TERMS AND CONDITIONS
  OF
  NON-STATUTORY STOCK OPTION AWARDS    
    

        Upon execution of the Participation Agreement, the Employee hereby acknowledges and agrees to be bound by the following terms and conditions relating to the
Option: 

	1.
	Duration
of Option and Time of Exercise. 

        1.1.    Termination of Employment or Other Service.    

        (a)    Termination for Cause.    In the event the Employee's employment or other service with Merrill and all
Subsidiaries is terminated by Merrill or any Subsidiary for Cause, all rights of the Employee under the Option Plan with respect to the Option and the Participation Agreement will immediately
terminate without notice of any kind, and the Option, whether exercisable or not on the date of termination, will immediately terminate without notice of any kind, and Merrill will also have the right
to repurchase (the "Repurchase Right") from the Employee all shares of Common Stock previously acquired upon exercise of the Option at a price equal to
the exercise price paid by the Employee to acquire such shares of Common Stock in the manner set forth in Section 2 below. 

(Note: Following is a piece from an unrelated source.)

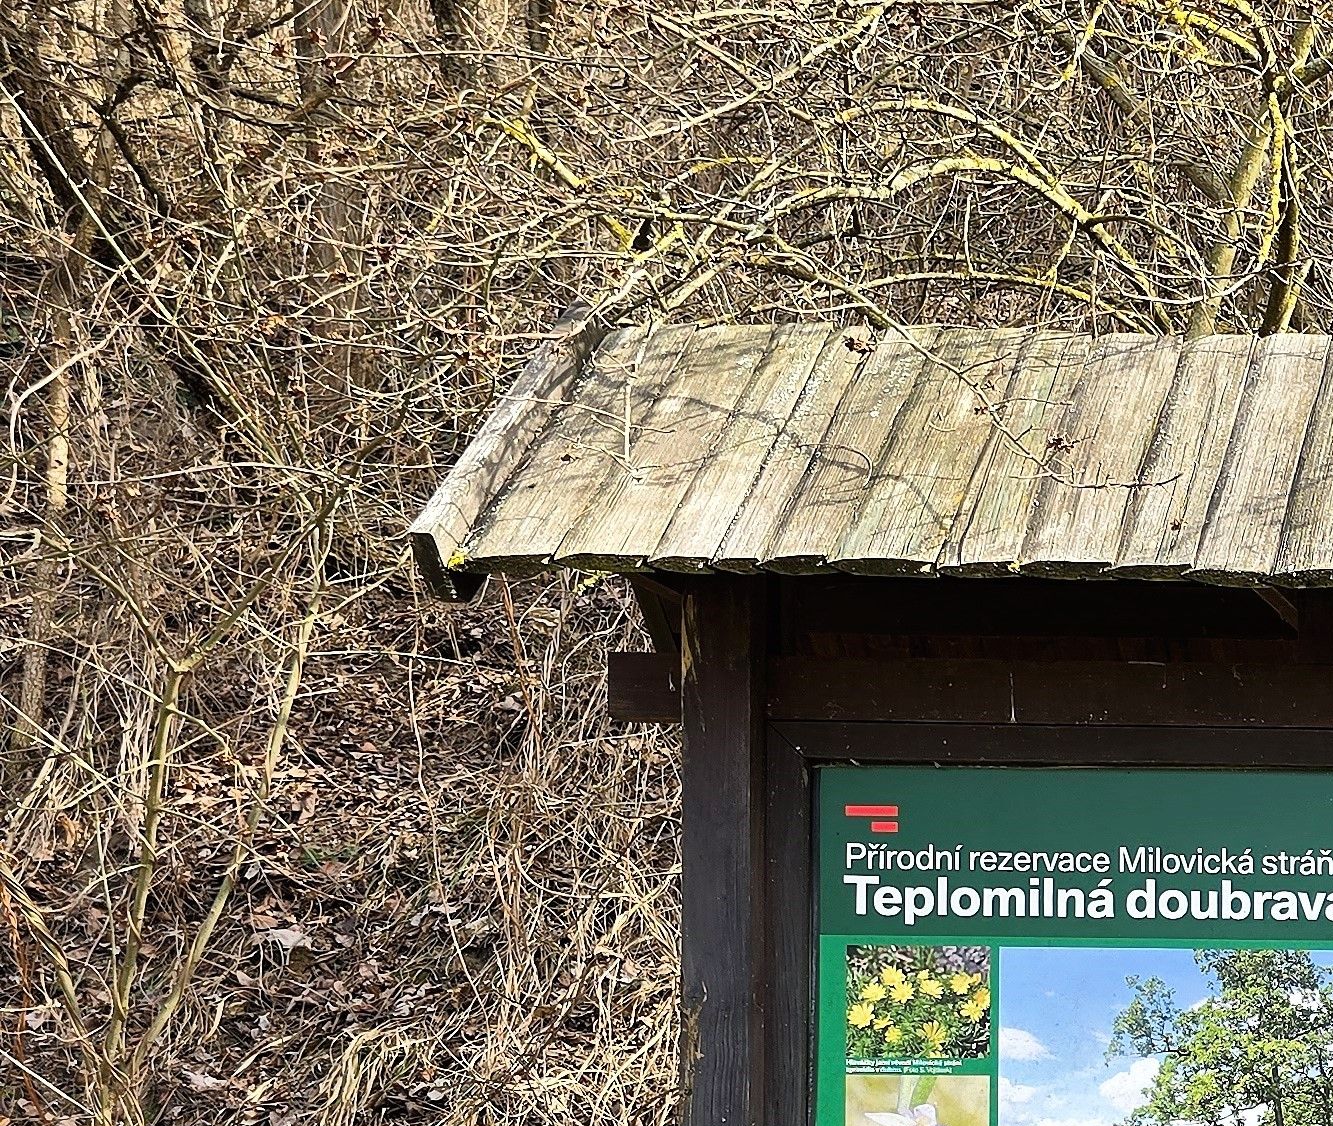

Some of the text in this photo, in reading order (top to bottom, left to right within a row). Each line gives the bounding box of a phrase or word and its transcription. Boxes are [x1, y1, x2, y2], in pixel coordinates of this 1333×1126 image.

[844, 841, 1333, 876] Přírodní rezervace Milovická stráň
[843, 873, 1116, 925] Teplomilná

        (b)    Termination for Reasons Other Than Cause.    In the event the Employee's employment or other service with
Merrill and all Subsidiaries is terminated other than for Cause by reason of voluntary resignation, death, Disability or Retirement, the Option will remain exercisable, to the extent exercisable as of
the date of such termination, for a period of one year following the date the Employee's employment or other service is terminated, and any portion of the Option which is not exercisable as of the
date of such termination will immediately terminate without notice of any kind. 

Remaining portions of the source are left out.